かわらじ先生の国際講座~米露の核戦略

あと一ヶ月足らずで2018年も終わりますが、この1年を振り返ると、北朝鮮の行動が非常に穏やかになりました。核ミサイル開発問題は解決に向かっているとみていいですか?

来年1月か2月に米朝首脳会談が行われる見込みです。北朝鮮も成功させたいはずですから、世界を欺くことはしないでしょう。朝鮮半島の非核化は前進すると思います。

では核の脅威は遠ざかったということですか?

ところが今度は、アメリカとロシアが露骨に核兵器の増強政策を打ち出しました。まずロシアですが、プーチン大統領は今年3月に年次教書演説を行い、世界の全地域がロシアの核兵器の射程内にあると恫喝し、アメリカ・フロリダ州とおぼしき場所に核ミサイルを撃ち込む映像を流しました。次のサイトをご覧ください。

他方、アメリカは?

トランプ大統領が10月下旬、INF(中距離核戦力)全廃条約からの離脱を明らかにしました。こちらをご参照ください。

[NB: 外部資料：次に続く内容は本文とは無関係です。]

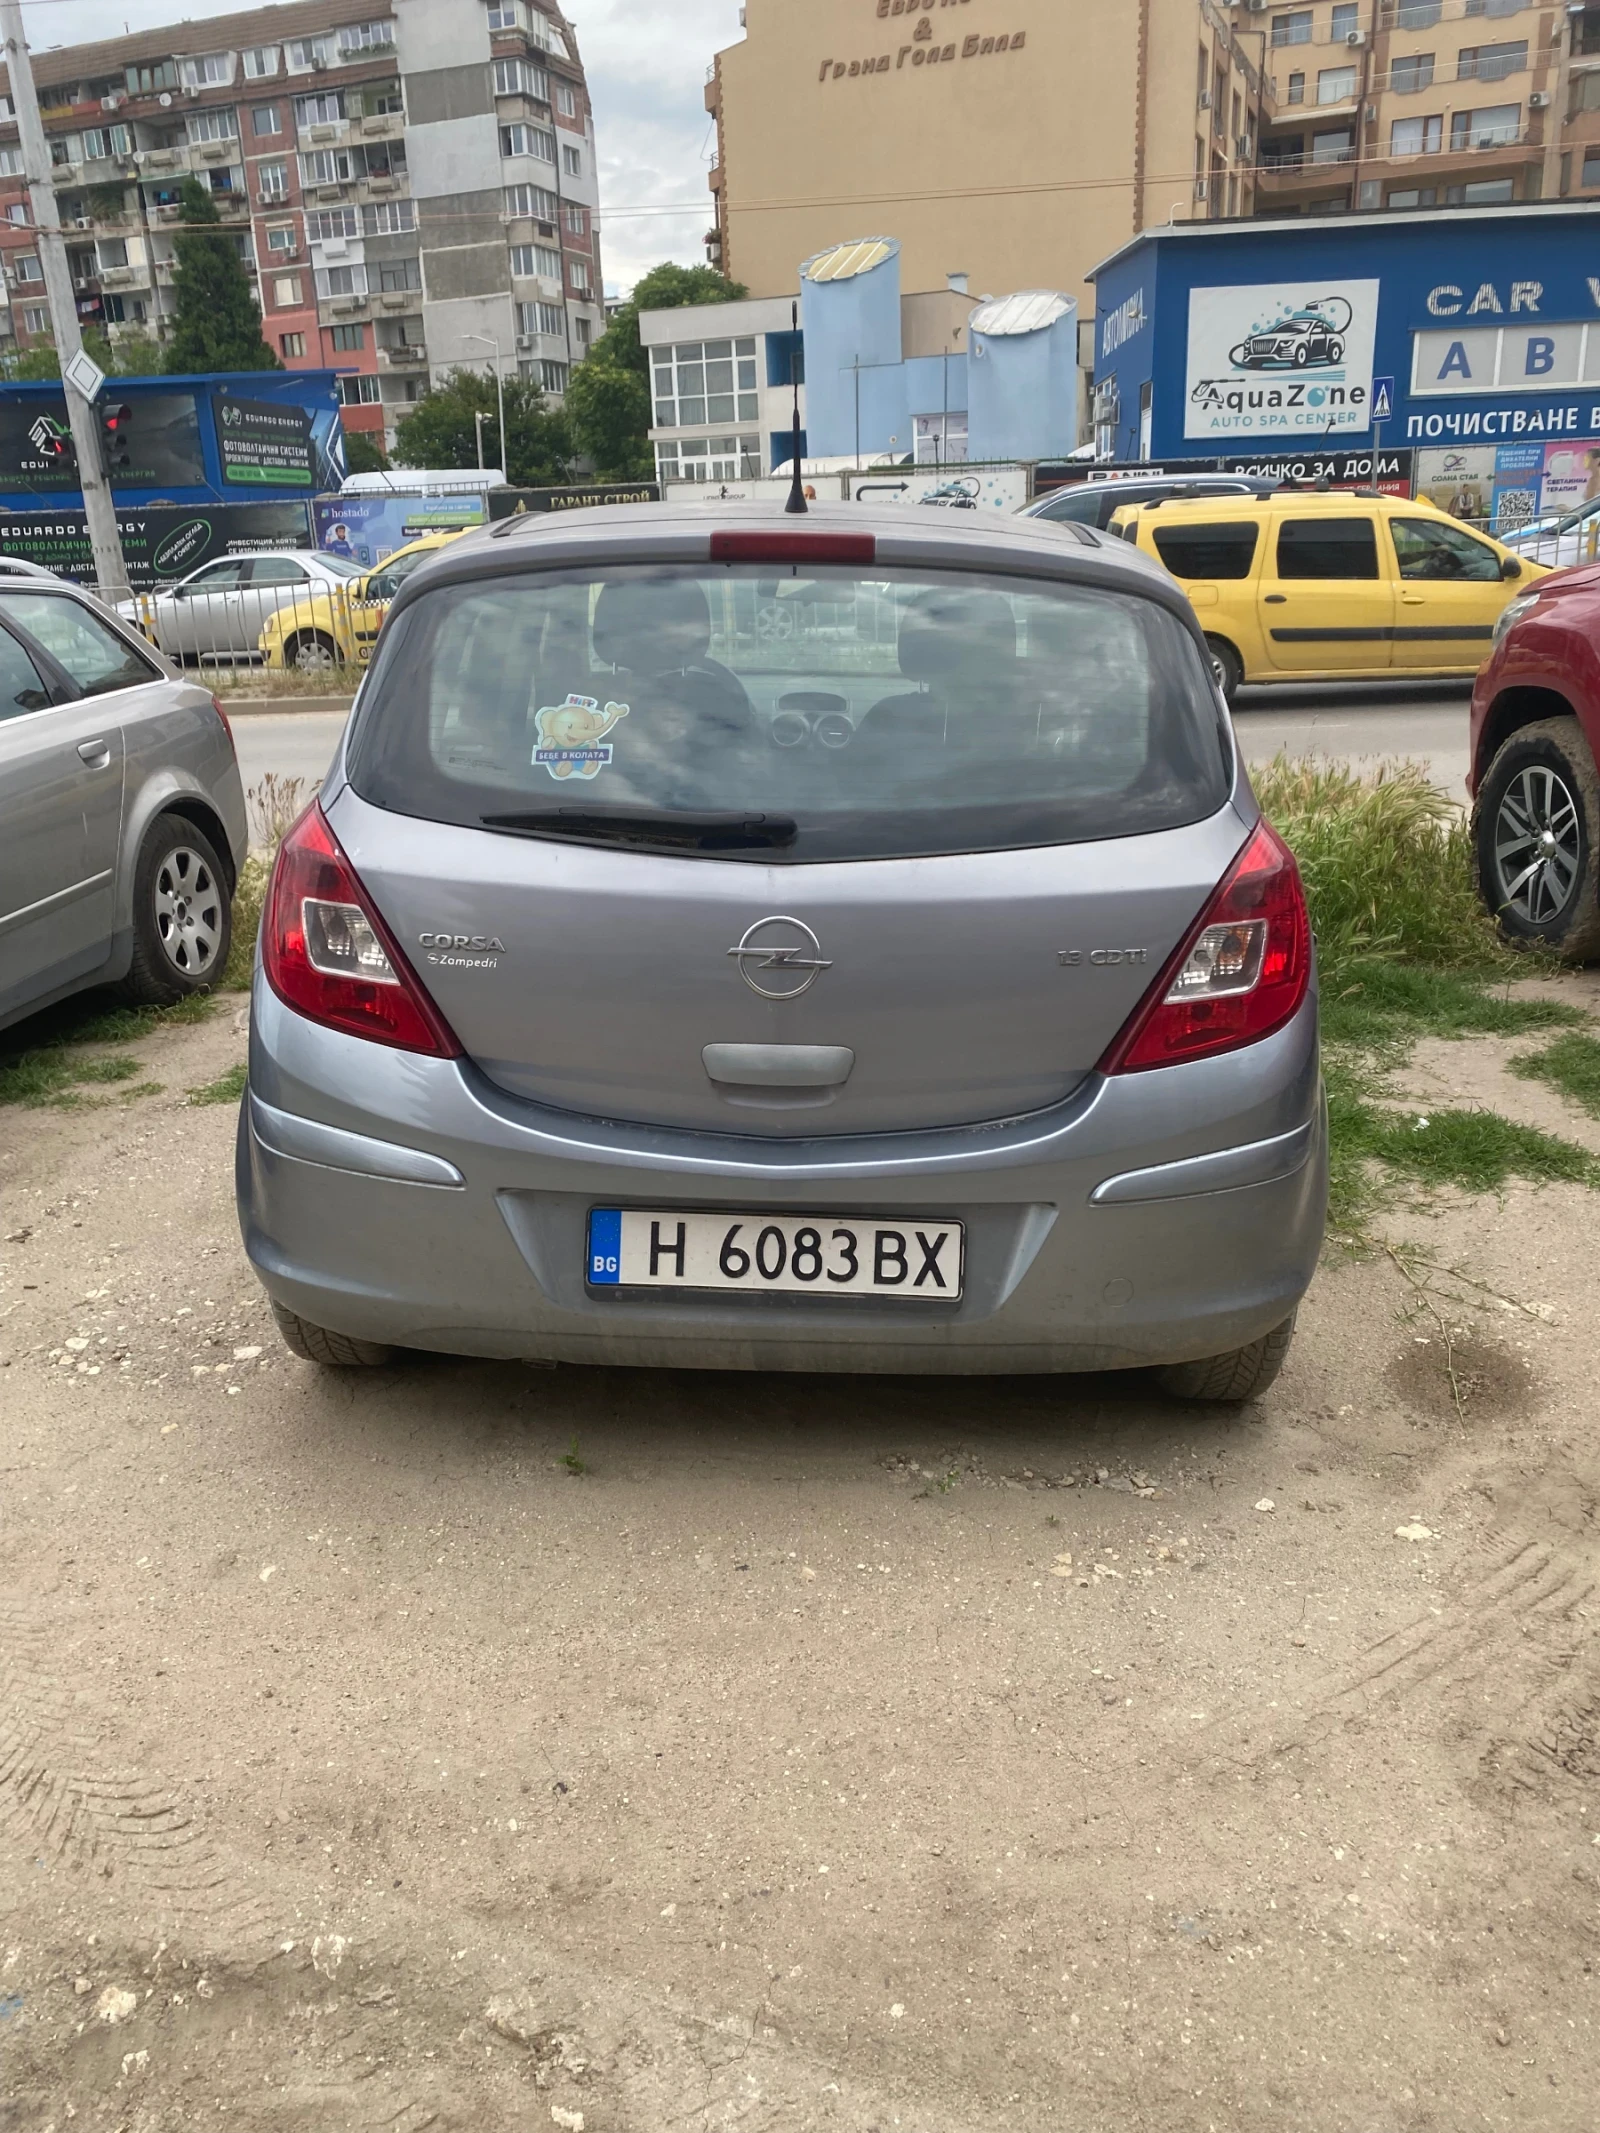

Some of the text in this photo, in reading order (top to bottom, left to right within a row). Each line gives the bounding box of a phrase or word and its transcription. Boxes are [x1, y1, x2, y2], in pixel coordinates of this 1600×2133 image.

この条約は1987年12月、米ソ間で結ばれた画期的な軍縮条約で、それまで米ソはそれぞれ2万発以上の核兵器を持っていましたが、この条約によって一気に半減することになったのです。まさに冷戦の終わりを象徴する条約でした。

なぜトランプ大統領はこのような決断を下したのですか?

今までアメリカは忠実にこの条約を守ってきたのに、ロシアは一方的に違反して中距離核戦力の開発を進めてきた以上、アメリカはもはやこの条約に拘束される義務はないとの考えからです。さらに、この条約は米露(米ソ)間のものであるため、中国は何の束縛もなく核開発を進めてきたとの不満もアメリカにはあります。ロシアはこのトランプ大統領の決定を直ちに非難しましたが、内心は歓迎しているとの見方もあります。

それはどうしてですか?

INF(中距離核戦力)とは、米露が互いを直接標的とするのではく(射程距離が短いので、お互いの国には届きません)、それぞれの同盟国をターゲットとする核兵器です。冷戦時代であれば、アメリカは東ドイツ、ポーランドなどの東ヨーロッパ諸国、ソ連は西ヨーロッパのNATO加盟国や日本を攻撃するための核兵器でした。現在、東欧諸国はほとんどがNATO加盟国(すなわちアメリカ側)となりましたので、ソ連の同盟国といえば、イランやアサド政権下のシリアとなりますね。そのへんがアメリカの新たな核攻撃の標的とされるのでしょう。

それがロシアにとって歓迎すべきことなのですか?

INF全廃条約は、相手の同盟国をターゲットにする非人道的な核兵器は捨てようとの精神で締結されたものです。その条約を廃棄するというのは、再び双方の同盟国を目標とする中距離核兵器を持とうという意味です。つまり、かりに米露が核戦争に至ったとしても、お互いの国は攻撃せず、それぞれの同盟国を犠牲にして決着をつけようという虫のいい話なのです。この条約がなくなれば、ロシアも中距離核ミサイルの照準をあからさまに日本に向けてくるでしょう。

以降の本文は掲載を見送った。